It seems like every day I get on the
subway, or go to the movies, I see a promo for some new dystopian
film. And what, really, could be duller at this point. The plucky
band of teenage heroes, the cruel overlord, the pleas to human
freedom that every political group from far left to far right will
find sympathy in.
This isn't to denigrate the “dystopia”
as an artistic trope. It has its place – in some fine novels,
Cormac McCarthy's The Road,
Paul Auster's In the Country of Last Things,
and in some fine films, Brazil,
Blade Runner, The
Matrix, Mad Max: Fury
Road and the like. But it has
gotten so overplayed, so transformed into the most banal of cultural
artifacts that the mere mention of a dystopia automatically triggers
my bullshit radar. Compare David Mitchell's novel Cloud
Atlas – a monumental story of
the invisible threads running through history – to the godawful
film version by the Wachowskis, which feels like it was written by a
15 year old that just discovered Buddhism.
Of
course, the notion of the dystopia, particularly in its cyberpunk
forms, has been an essential component of literary and cultural
theory since its 1980s heyday, especially in how these cyberpunk
fictions reflect themselves in our reality, often to the point of
absurdity – Giorgio Agamben's claim in Homo Sacer
that modern life was indistinguishable from Auschwitz is perhaps the
most offensively bourgeois notion I could imagine, and pretty much
anything written by Jean Baudrillard comes off as borderline parody
today. Sure, we don't have flying cars or AI romantic partners, but
in other respects – Snowden, Bezos, facial recognition software –
we are living in a world that would be familiar to Philip K. Dick or
William Gibson.
By the
1990s, with books like Mike Davis' City of Quartz
or Edward Soja's magisterial Postmetropolis,
Los Angeles was being called the postmodern, cyberpunk city par
excellence – after all, this is the city whose economic fortunes
are inextricably entwined with the image industry, a city without
center that arose in the high-capitalist age, and the place where
Rick Deckard and Roy Batty had their final showdown in the rain.
But
recently, attentions have turned more towards East Asia, perhaps best
articulated by Ian Buruma in his essay “AsiaWorld.” Particularly,
the monster cities of China, for which the prototype is Shenzhen
(population, 1980: 30,000, population, 2017: 12.5 million, well-known
as the place where all your shit comes from).
And
it's hard not to accept this notion – walk down Nathan Road in
Kowloon on a rainy night, and tell me you don't feel like chasing a
replicant or two – but I question the singularity of this vision.

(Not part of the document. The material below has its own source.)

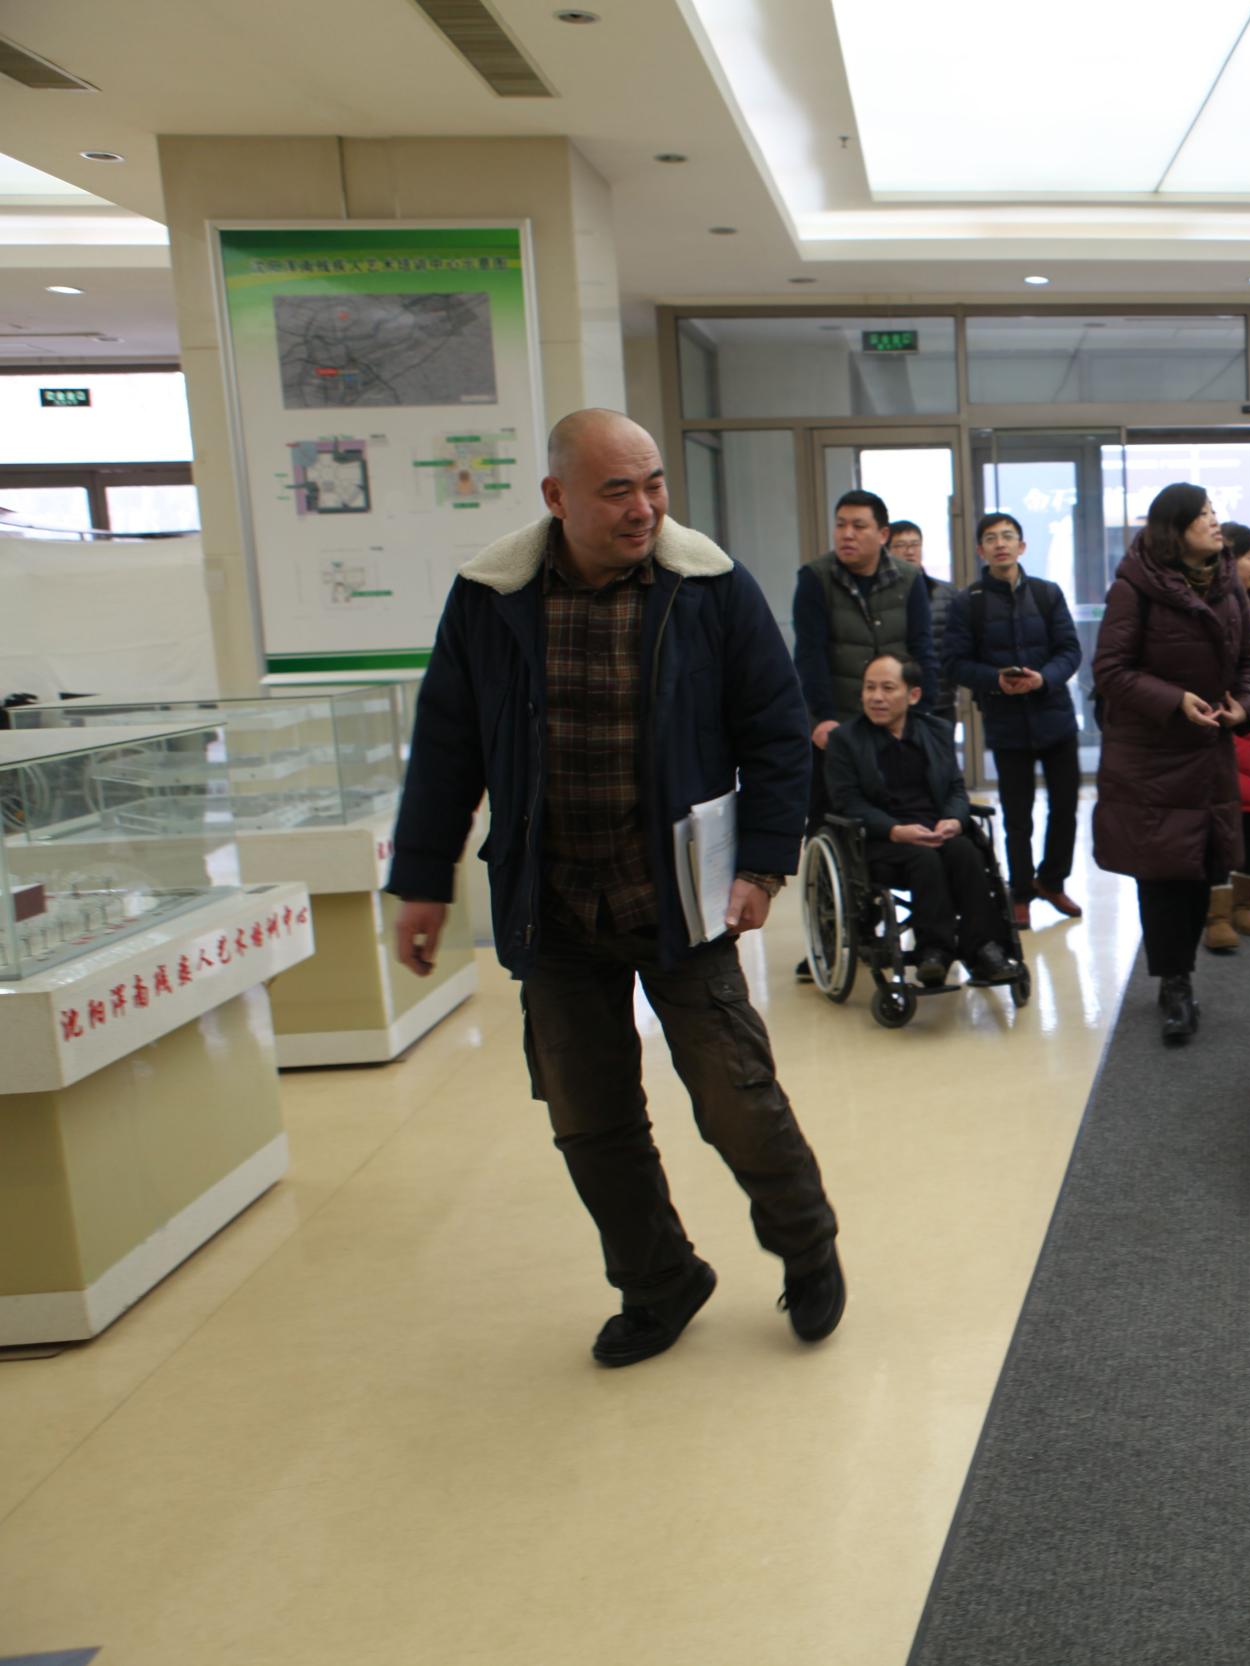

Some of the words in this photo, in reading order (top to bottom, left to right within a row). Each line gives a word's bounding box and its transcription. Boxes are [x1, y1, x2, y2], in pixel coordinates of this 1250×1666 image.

[61, 905, 307, 1041] 沈阳浑南残疾人艺术培训中心

When I look at the great cities of East Asia, while I do see a
pattern, even if it takes on myriad forms, all of them distinct, all
still shaped by their own localities.
The
first thing you might think of is the cartoon-scape of Tokyo,
especially as it is in movies like Akira
and Enter the Void.
This is the world of postmodernity at its shiniest and most
superficial level, the geospatial equivalent of cotton candy. This is
a city of English text overlaid on ancient katakana and hiragana,
themselves overlaid on even more ancient kanji, a snow crash of
signifiers, bright neon signs, oddball fragments of traditional East
Asian architecture, sex for sale, particularly in its most
commodified and fetishistic form.
Or you
could draw your attentions to Hong Kong, the interzone that is
neither Chinese nor Western, postcolonial but not national, with its
looming high rises (more than three times as many buildings over 100
meters tall as New York), its migrant workers living in warren-like
housing on the Kowloon side and in the New Territories, its role as a
vital artery in the system of global finance and banking, and in the
dingy hallways of Chungking Mansions, where backpacker guesthouses,
bootleg watches, and its Nepali and Nigerian vendors hustling every
manner of goods you could imagine.
For a
darker perspective, you could look at Phnom Penh, a city of wage
slaves working to produce the goods that even China wants to
outsource, still suffering under the collective post-traumatic stress
disorder in the wake of the Khmer Rouge, with its capitalists
completely indistinguishable from its politicians, its firm-handed
authoritarian rule firmly in the hand of global capital and its local
compradors, its cheap hookers, its armies of begging gangs and
ragpickers.
But
perhaps it is Singapore that most reflects the cinematic vision, at
least, of the cyberpunk city. It is the place that no less an
authority than William Gibson called “Disneyland with the death
penalty, ” and it should be remembered that Germany's current chief
philosophe and noted mustachioed crank Peter Sloterdijk said that if
statues of any political leader of our time will be put up, it will
be Lee Kuan Yew. The reportage of the marriage of Confucian and
Victorian rigidity is nothing new – people have been doing it for
30 years – but as authoritarian capitalism seems to spread over the
world like a dark pall, it seems like too many of us in the rest of
the developed world have accepted the Singaporean worldview part and
parcel. The prioritization of the image of the city over the content,
the embrace of the security state, the reduction of politics to
ritual, the reliance on massive pools of cheap labor while keeping
that cheap labor invisible and damn near stateless, its superficial
claims to the multicultural masking a profoundly regressive racial
dynamic.
Tokyo,
Hong Kong, Phnom Penh, and Singapore, each of them expressing
different modalities of the global city as it occurs in the early
years of the 21st
Century. And yet two of these – Tokyo and Hong Kong – are cities
I utterly adore, despite some of the underlying horror. Repeat for
Bangkok, Seoul, Fukuoka, Penang. It reminds me of that beautiful bit
from Baudelaire's Paris Spleen:
“In
the evening, a bit tired, we wanted to sit down in front of a new
café that formed the corner of a new boulevard, still strewn with
debris and already gloriously displaying its unfinished splendors.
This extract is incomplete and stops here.